■ Instructions for the task ■
Aim for an exact copy of the listing, without any images.

■ Data ■
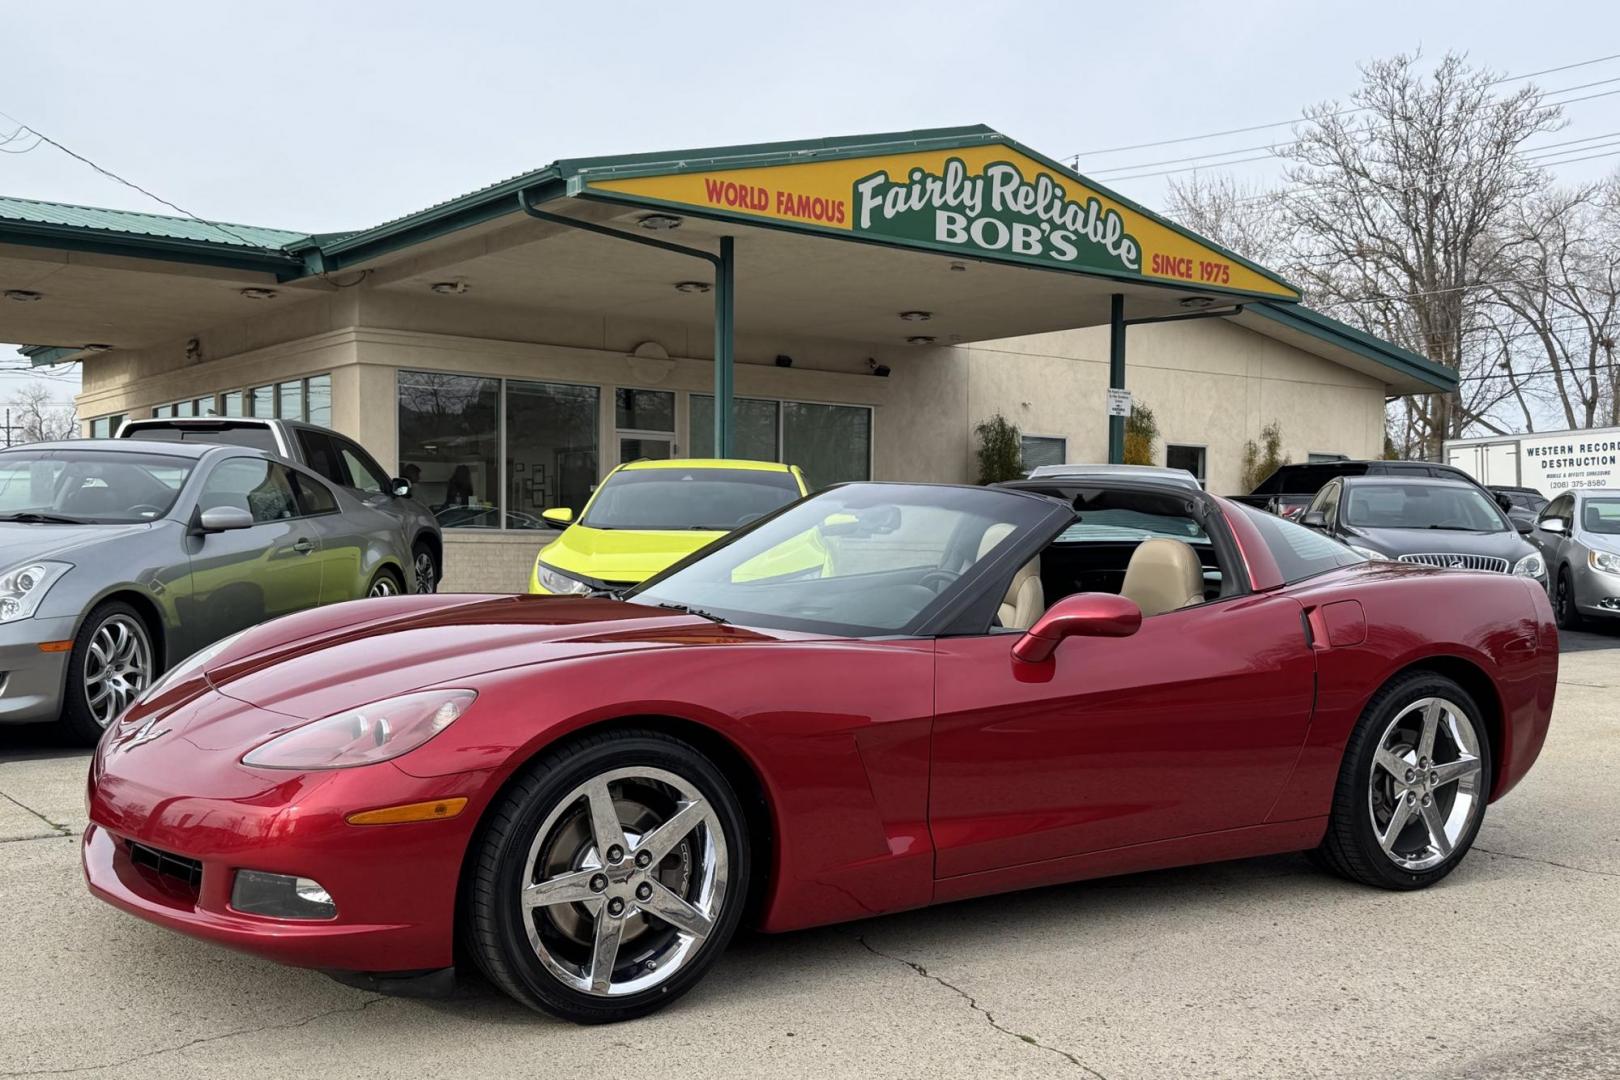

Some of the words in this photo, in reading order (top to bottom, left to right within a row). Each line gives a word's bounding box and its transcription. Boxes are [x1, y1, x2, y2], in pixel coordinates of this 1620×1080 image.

[704, 178, 769, 212] WORLD
[776, 191, 845, 224] FAMOUS
[858, 161, 984, 229] Fairly
[987, 164, 1139, 269] Reliable
[935, 209, 1078, 261] BOB'S
[1152, 253, 1193, 279] SINCE
[1199, 261, 1230, 284] 1975
[1527, 445, 1573, 457] WESTERN
[1542, 456, 1616, 469] DESTRUCTION

■ Exercise answer ■
Some of the words in this photo, in reading order (top to bottom, left to right within a row). Each line gives a word's bounding box and its transcription. Boxes are [x1, y1, x2, y2], in pixel coordinates of this 1620×1080 image.

[704, 178, 769, 212] WORLD
[776, 191, 845, 224] FAMOUS
[858, 161, 984, 229] Fairly
[987, 164, 1139, 269] Reliable
[935, 209, 1078, 261] BOB'S
[1152, 253, 1193, 279] SINCE
[1199, 261, 1230, 284] 1975
[1527, 445, 1573, 457] WESTERN
[1542, 456, 1616, 469] DESTRUCTION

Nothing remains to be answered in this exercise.